Exercise brief: Each record below should be output verbatim, without pictures.

[Collected data]
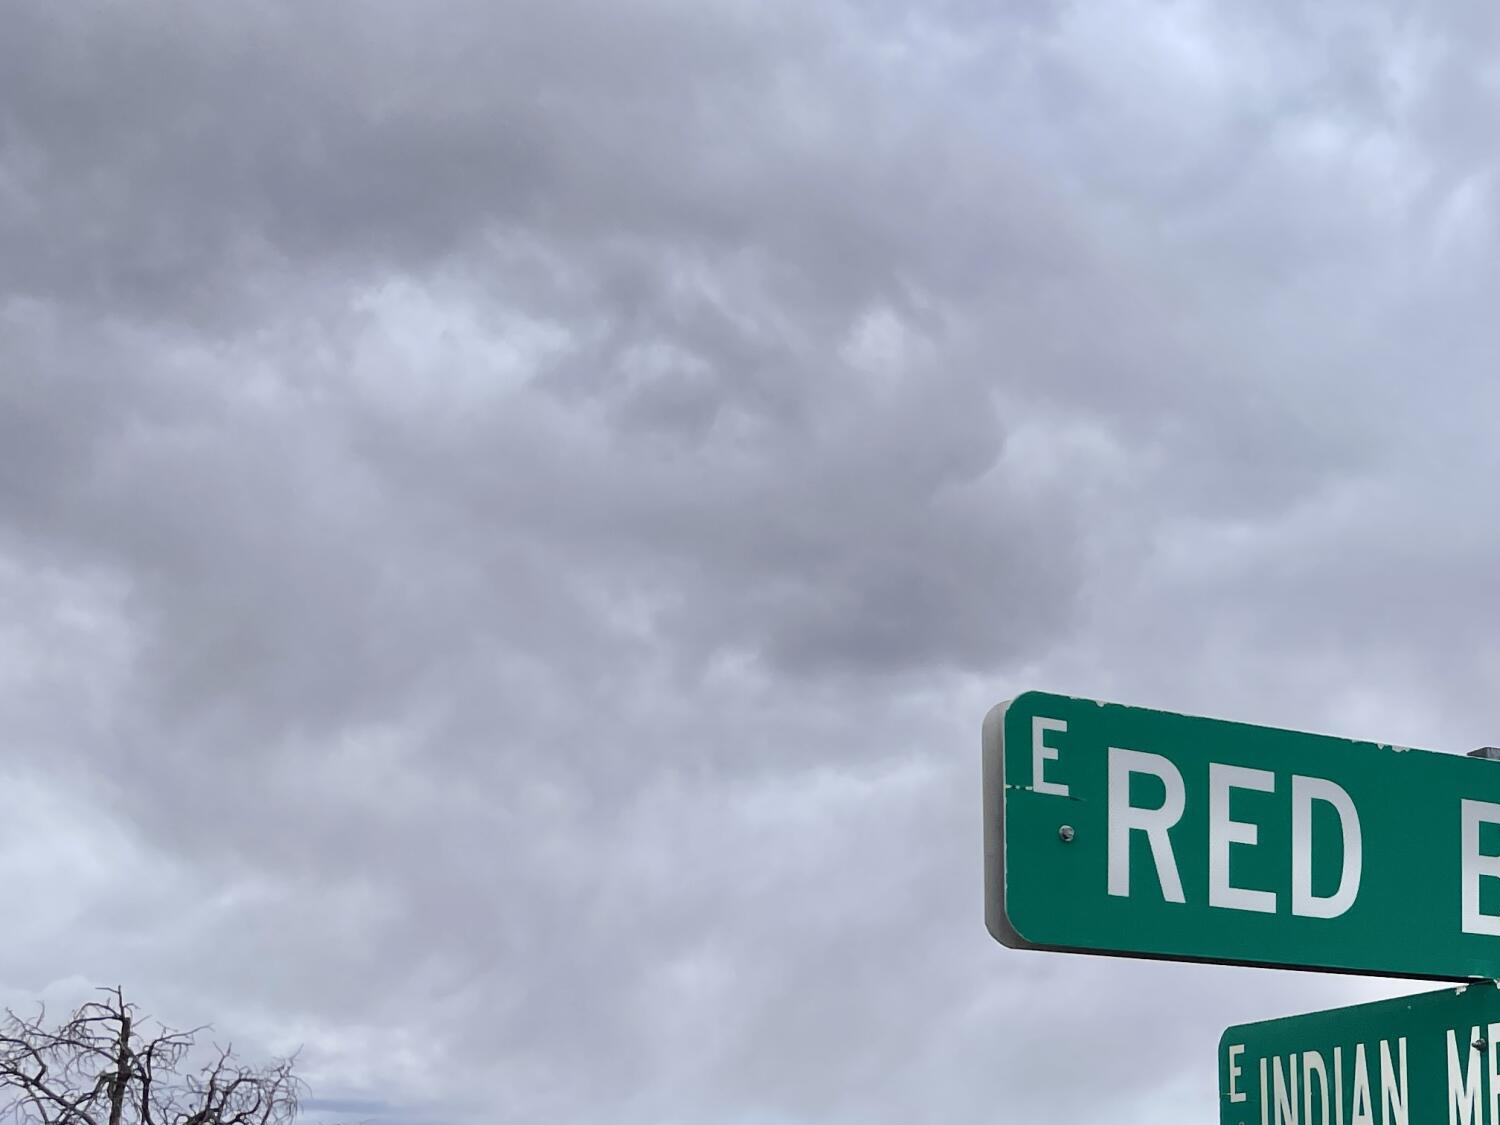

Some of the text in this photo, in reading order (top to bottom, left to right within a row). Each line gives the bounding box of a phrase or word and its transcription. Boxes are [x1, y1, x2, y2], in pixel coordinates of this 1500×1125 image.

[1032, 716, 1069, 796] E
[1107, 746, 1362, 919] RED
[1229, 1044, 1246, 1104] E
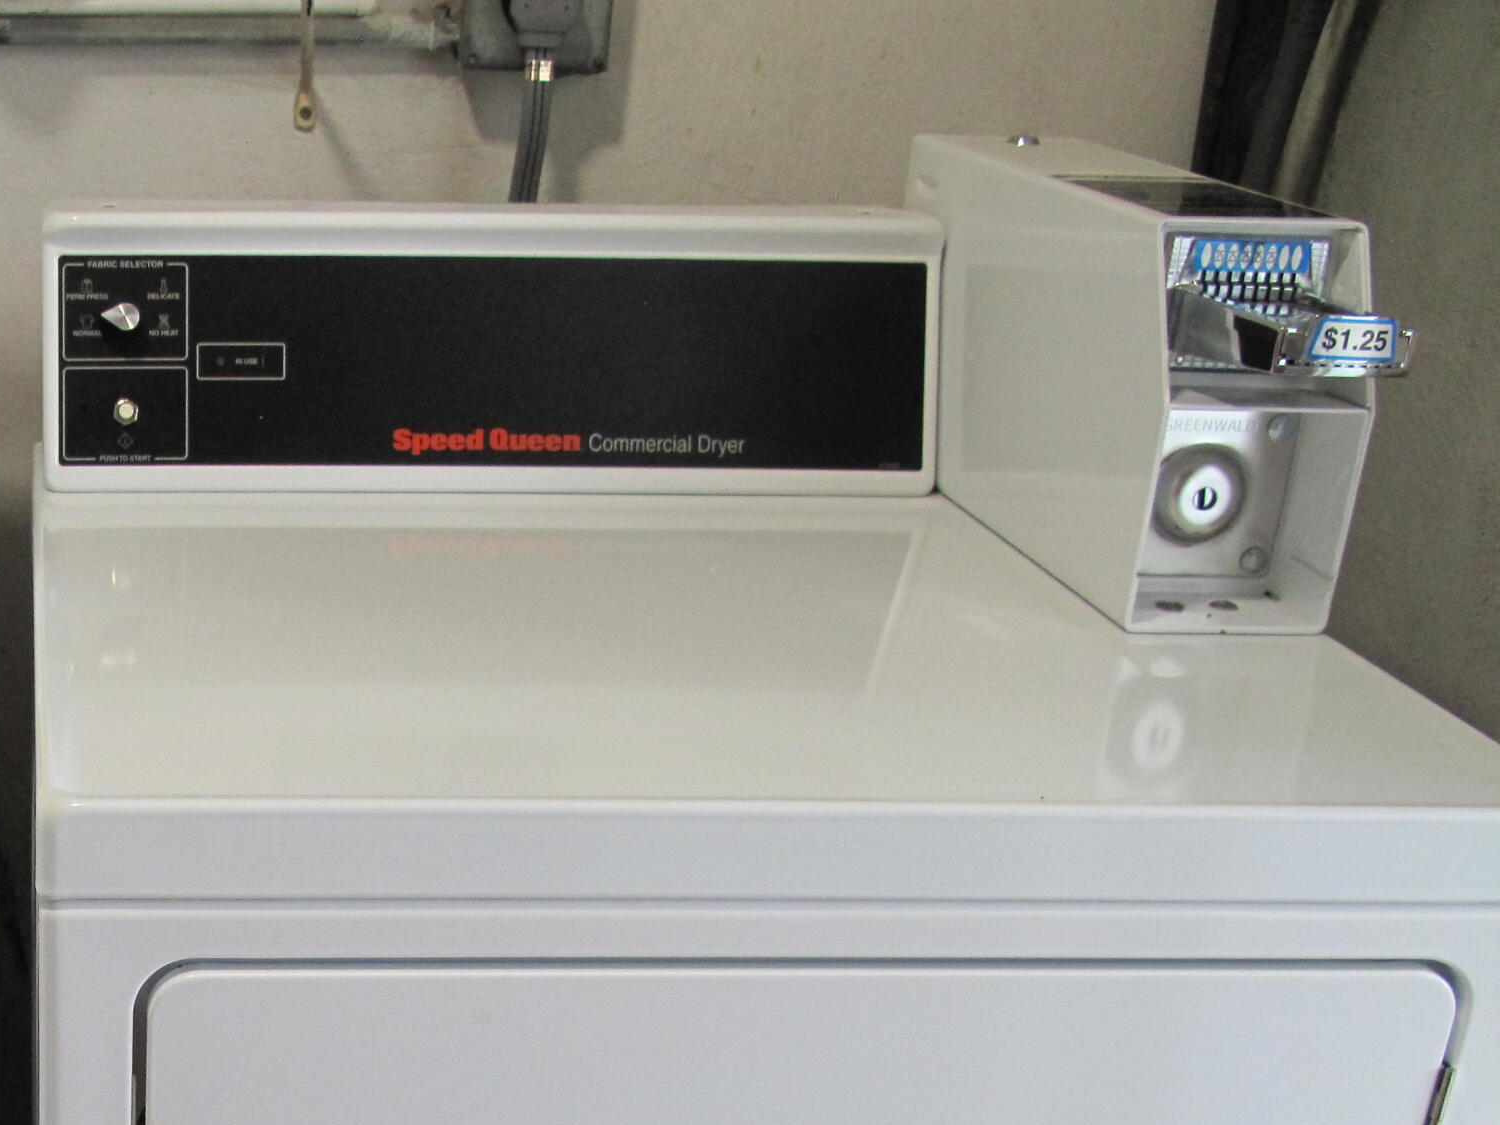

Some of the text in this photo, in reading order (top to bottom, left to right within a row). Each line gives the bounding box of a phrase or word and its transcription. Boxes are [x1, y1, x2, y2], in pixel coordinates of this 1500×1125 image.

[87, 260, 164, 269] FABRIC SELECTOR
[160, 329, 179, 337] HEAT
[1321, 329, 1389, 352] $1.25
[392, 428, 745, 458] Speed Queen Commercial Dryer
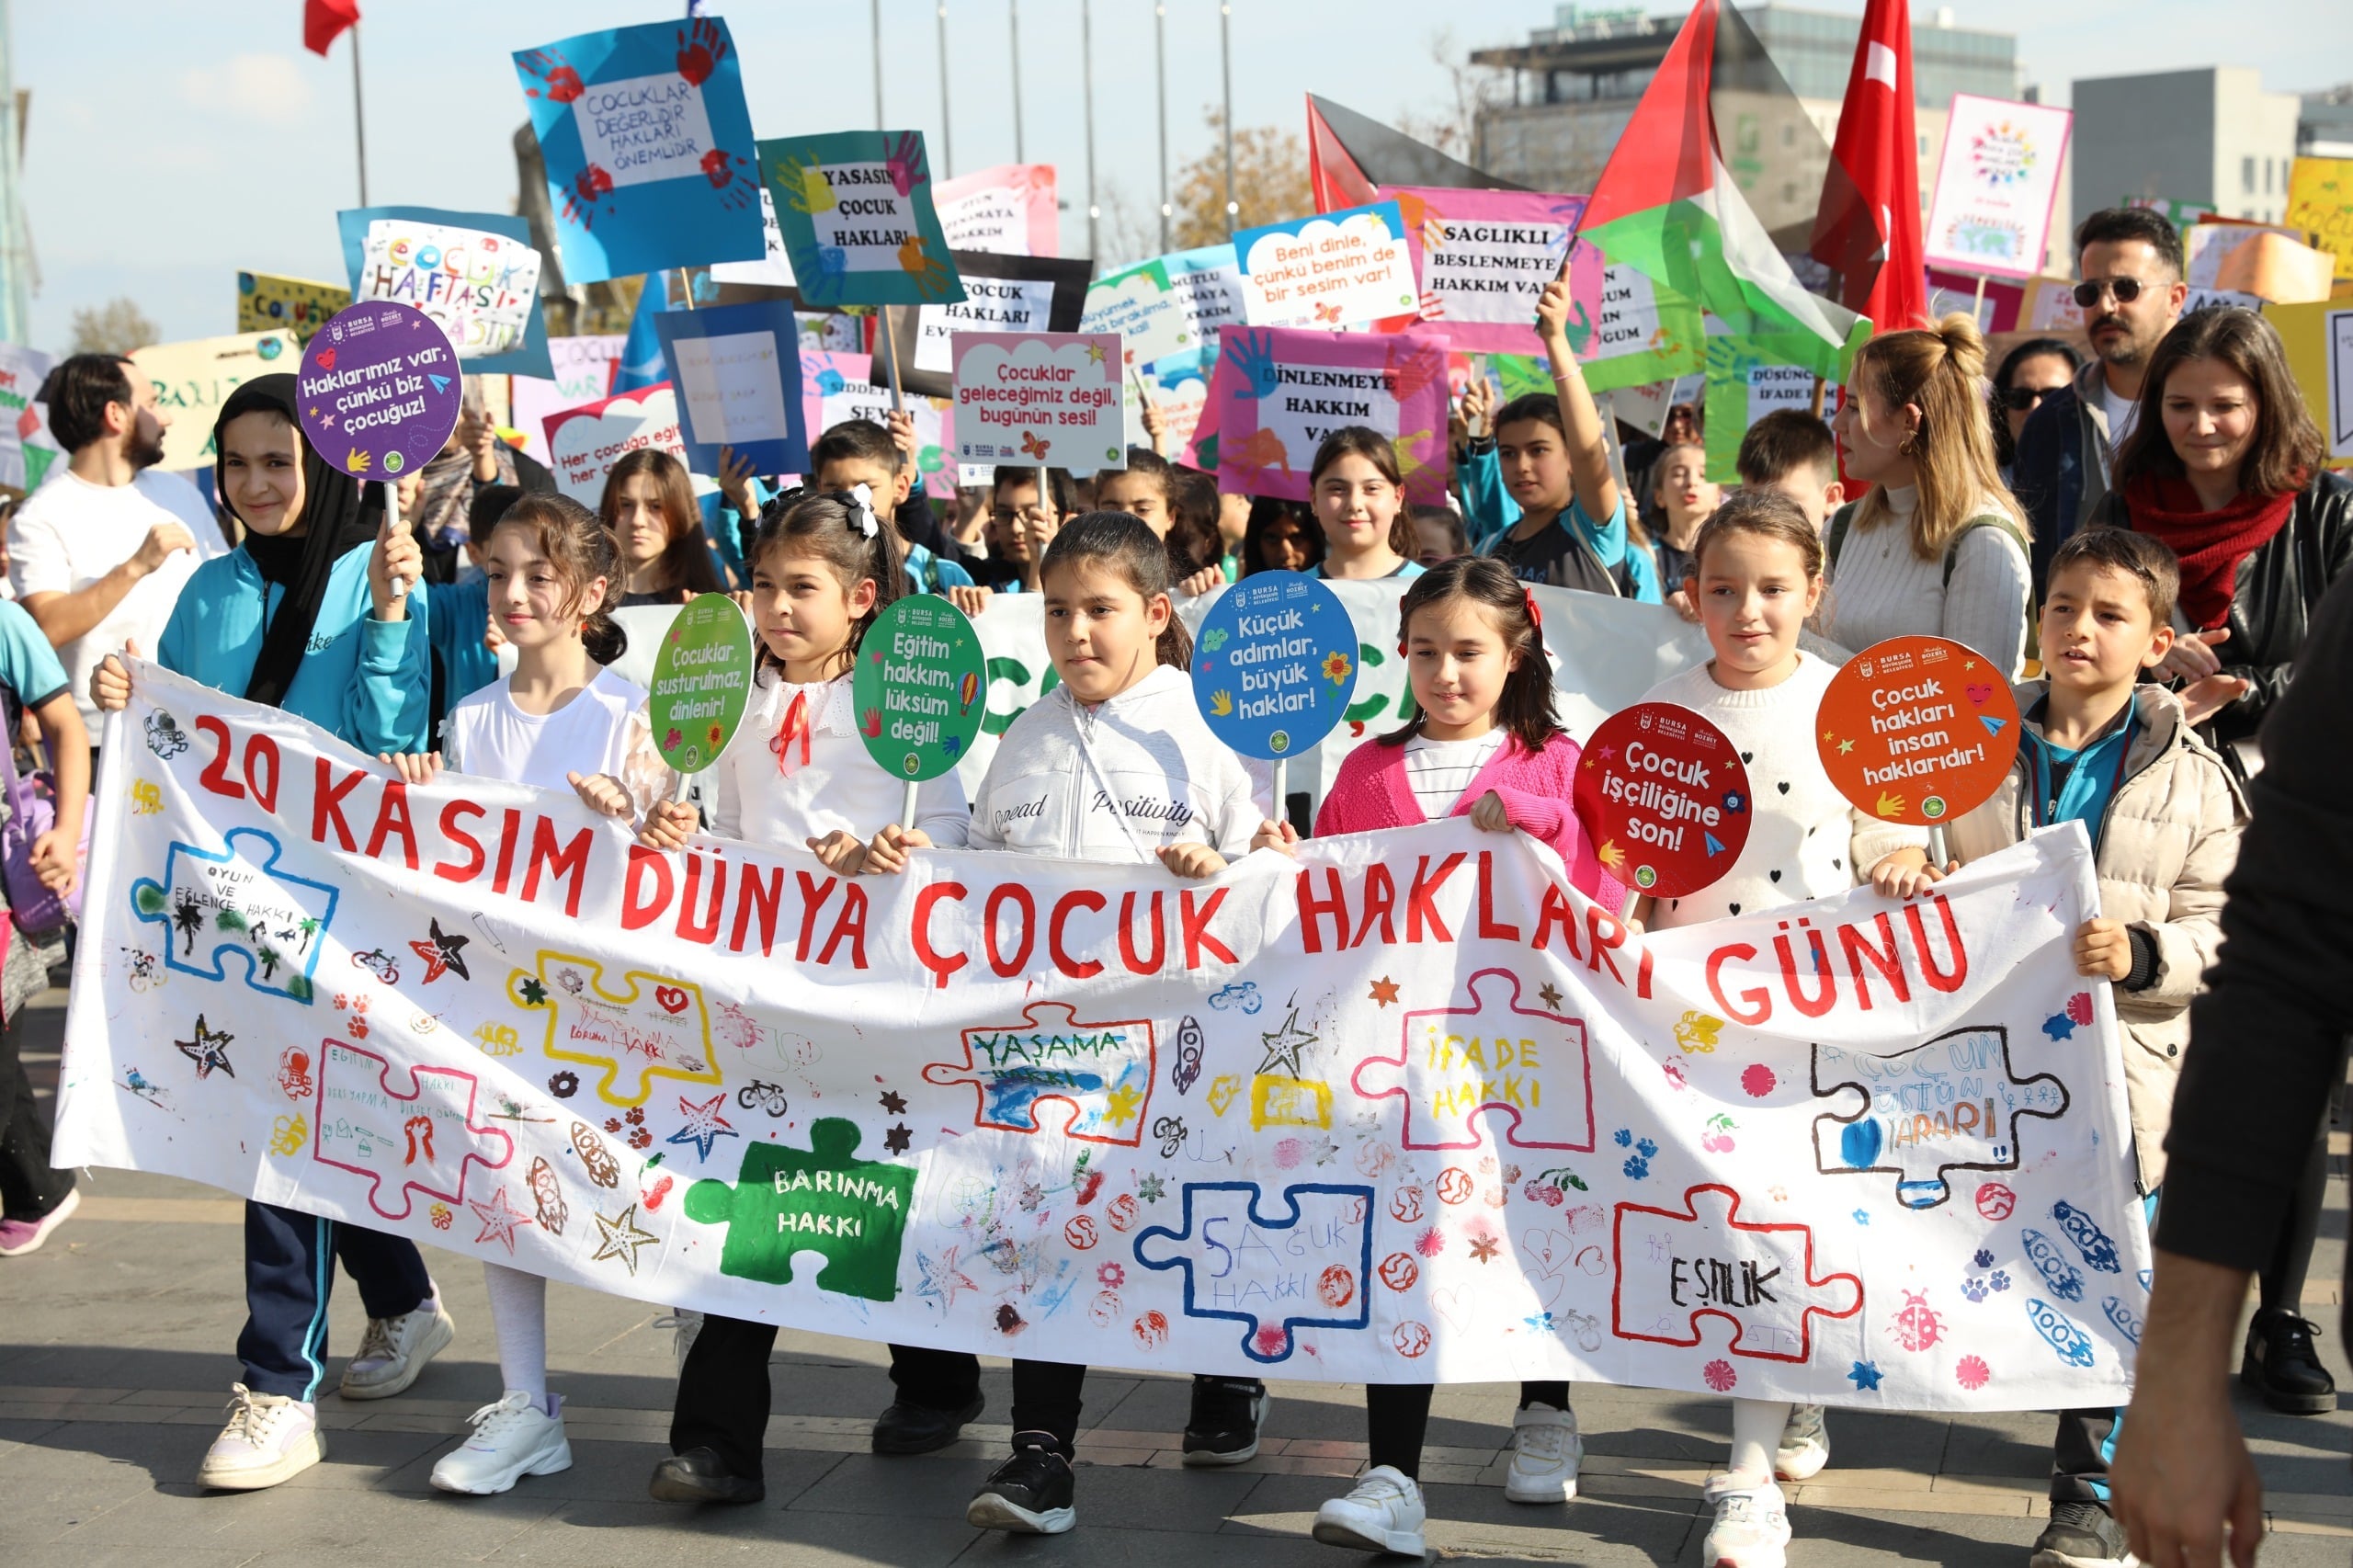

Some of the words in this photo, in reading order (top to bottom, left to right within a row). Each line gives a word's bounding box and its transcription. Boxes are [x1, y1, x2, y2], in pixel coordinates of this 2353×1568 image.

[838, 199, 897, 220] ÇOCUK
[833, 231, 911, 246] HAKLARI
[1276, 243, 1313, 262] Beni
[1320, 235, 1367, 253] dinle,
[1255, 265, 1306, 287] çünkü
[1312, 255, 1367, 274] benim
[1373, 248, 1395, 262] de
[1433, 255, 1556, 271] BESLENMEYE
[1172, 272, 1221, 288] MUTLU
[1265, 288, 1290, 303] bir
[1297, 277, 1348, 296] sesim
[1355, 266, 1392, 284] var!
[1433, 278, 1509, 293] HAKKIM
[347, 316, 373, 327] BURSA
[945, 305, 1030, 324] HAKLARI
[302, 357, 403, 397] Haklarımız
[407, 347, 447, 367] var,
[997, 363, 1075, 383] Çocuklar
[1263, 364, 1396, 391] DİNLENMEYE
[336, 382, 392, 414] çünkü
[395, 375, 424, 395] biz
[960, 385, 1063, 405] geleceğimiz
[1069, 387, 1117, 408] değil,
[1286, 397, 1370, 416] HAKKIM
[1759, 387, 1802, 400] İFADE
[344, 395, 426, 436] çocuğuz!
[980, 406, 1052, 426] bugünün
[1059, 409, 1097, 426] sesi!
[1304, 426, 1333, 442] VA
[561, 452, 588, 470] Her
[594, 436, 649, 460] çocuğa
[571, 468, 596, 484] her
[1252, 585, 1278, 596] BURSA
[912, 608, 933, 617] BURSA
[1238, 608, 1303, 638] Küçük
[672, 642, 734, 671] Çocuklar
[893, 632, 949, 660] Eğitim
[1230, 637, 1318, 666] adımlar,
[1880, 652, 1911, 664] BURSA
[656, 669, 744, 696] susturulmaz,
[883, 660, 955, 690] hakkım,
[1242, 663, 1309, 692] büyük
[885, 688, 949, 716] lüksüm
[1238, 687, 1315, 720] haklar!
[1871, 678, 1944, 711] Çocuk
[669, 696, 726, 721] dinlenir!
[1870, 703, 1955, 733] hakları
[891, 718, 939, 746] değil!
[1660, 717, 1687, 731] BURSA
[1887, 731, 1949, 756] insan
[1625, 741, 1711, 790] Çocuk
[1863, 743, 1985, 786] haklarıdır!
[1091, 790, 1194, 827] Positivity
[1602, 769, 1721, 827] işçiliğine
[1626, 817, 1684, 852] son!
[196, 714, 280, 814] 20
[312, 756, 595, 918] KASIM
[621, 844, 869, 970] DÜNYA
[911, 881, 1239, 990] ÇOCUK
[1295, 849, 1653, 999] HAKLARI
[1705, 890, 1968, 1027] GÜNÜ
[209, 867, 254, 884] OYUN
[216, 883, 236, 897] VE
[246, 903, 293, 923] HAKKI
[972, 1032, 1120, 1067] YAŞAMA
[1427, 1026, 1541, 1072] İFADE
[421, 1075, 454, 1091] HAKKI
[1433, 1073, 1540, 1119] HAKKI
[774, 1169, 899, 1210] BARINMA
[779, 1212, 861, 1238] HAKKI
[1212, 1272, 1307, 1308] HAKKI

Written answer:
Some of the text in this photo, in reading order (top to bottom, left to right within a row). Each line gives the bounding box of a phrase or word and its transcription. Boxes are [x1, y1, x2, y2], in pixel coordinates of this 1500×1125 image.

[1032, 716, 1069, 796] E
[1107, 746, 1362, 919] RED
[1229, 1044, 1246, 1104] E

Some of the text in this photo, in reading order (top to bottom, left to right within a row). Each line gives the bounding box of a phrase or word and its transcription. Boxes are [x1, y1, x2, y2], in pixel coordinates of this 1500×1125 image.

[87, 260, 164, 269] FABRIC SELECTOR
[160, 329, 179, 337] HEAT
[1321, 329, 1389, 352] $1.25
[392, 428, 745, 458] Speed Queen Commercial Dryer

Some of the words in this photo, in reading order (top to bottom, left to right within a row). Each line gives a word's bounding box and its transcription. Boxes are [x1, y1, x2, y2], in pixel coordinates of this 2353×1568 image.

[838, 199, 897, 220] ÇOCUK
[833, 231, 911, 246] HAKLARI
[1276, 243, 1313, 262] Beni
[1320, 235, 1367, 253] dinle,
[1255, 265, 1306, 287] çünkü
[1312, 255, 1367, 274] benim
[1373, 248, 1395, 262] de
[1433, 255, 1556, 271] BESLENMEYE
[1172, 272, 1221, 288] MUTLU
[1265, 288, 1290, 303] bir
[1297, 277, 1348, 296] sesim
[1355, 266, 1392, 284] var!
[1433, 278, 1509, 293] HAKKIM
[347, 316, 373, 327] BURSA
[945, 305, 1030, 324] HAKLARI
[302, 357, 403, 397] Haklarımız
[407, 347, 447, 367] var,
[997, 363, 1075, 383] Çocuklar
[1263, 364, 1396, 391] DİNLENMEYE
[336, 382, 392, 414] çünkü
[395, 375, 424, 395] biz
[960, 385, 1063, 405] geleceğimiz
[1069, 387, 1117, 408] değil,
[1286, 397, 1370, 416] HAKKIM
[1759, 387, 1802, 400] İFADE
[344, 395, 426, 436] çocuğuz!
[980, 406, 1052, 426] bugünün
[1059, 409, 1097, 426] sesi!
[1304, 426, 1333, 442] VA
[561, 452, 588, 470] Her
[594, 436, 649, 460] çocuğa
[571, 468, 596, 484] her
[1252, 585, 1278, 596] BURSA
[912, 608, 933, 617] BURSA
[1238, 608, 1303, 638] Küçük
[672, 642, 734, 671] Çocuklar
[893, 632, 949, 660] Eğitim
[1230, 637, 1318, 666] adımlar,
[1880, 652, 1911, 664] BURSA
[656, 669, 744, 696] susturulmaz,
[883, 660, 955, 690] hakkım,
[1242, 663, 1309, 692] büyük
[885, 688, 949, 716] lüksüm
[1238, 687, 1315, 720] haklar!
[1871, 678, 1944, 711] Çocuk
[669, 696, 726, 721] dinlenir!
[1870, 703, 1955, 733] hakları
[891, 718, 939, 746] değil!
[1660, 717, 1687, 731] BURSA
[1887, 731, 1949, 756] insan
[1625, 741, 1711, 790] Çocuk
[1863, 743, 1985, 786] haklarıdır!
[1091, 790, 1194, 827] Positivity
[1602, 769, 1721, 827] işçiliğine
[1626, 817, 1684, 852] son!
[196, 714, 280, 814] 20
[312, 756, 595, 918] KASIM
[621, 844, 869, 970] DÜNYA
[911, 881, 1239, 990] ÇOCUK
[1295, 849, 1653, 999] HAKLARI
[1705, 890, 1968, 1027] GÜNÜ
[209, 867, 254, 884] OYUN
[216, 883, 236, 897] VE
[246, 903, 293, 923] HAKKI
[972, 1032, 1120, 1067] YAŞAMA
[1427, 1026, 1541, 1072] İFADE
[421, 1075, 454, 1091] HAKKI
[1433, 1073, 1540, 1119] HAKKI
[774, 1169, 899, 1210] BARINMA
[779, 1212, 861, 1238] HAKKI
[1212, 1272, 1307, 1308] HAKKI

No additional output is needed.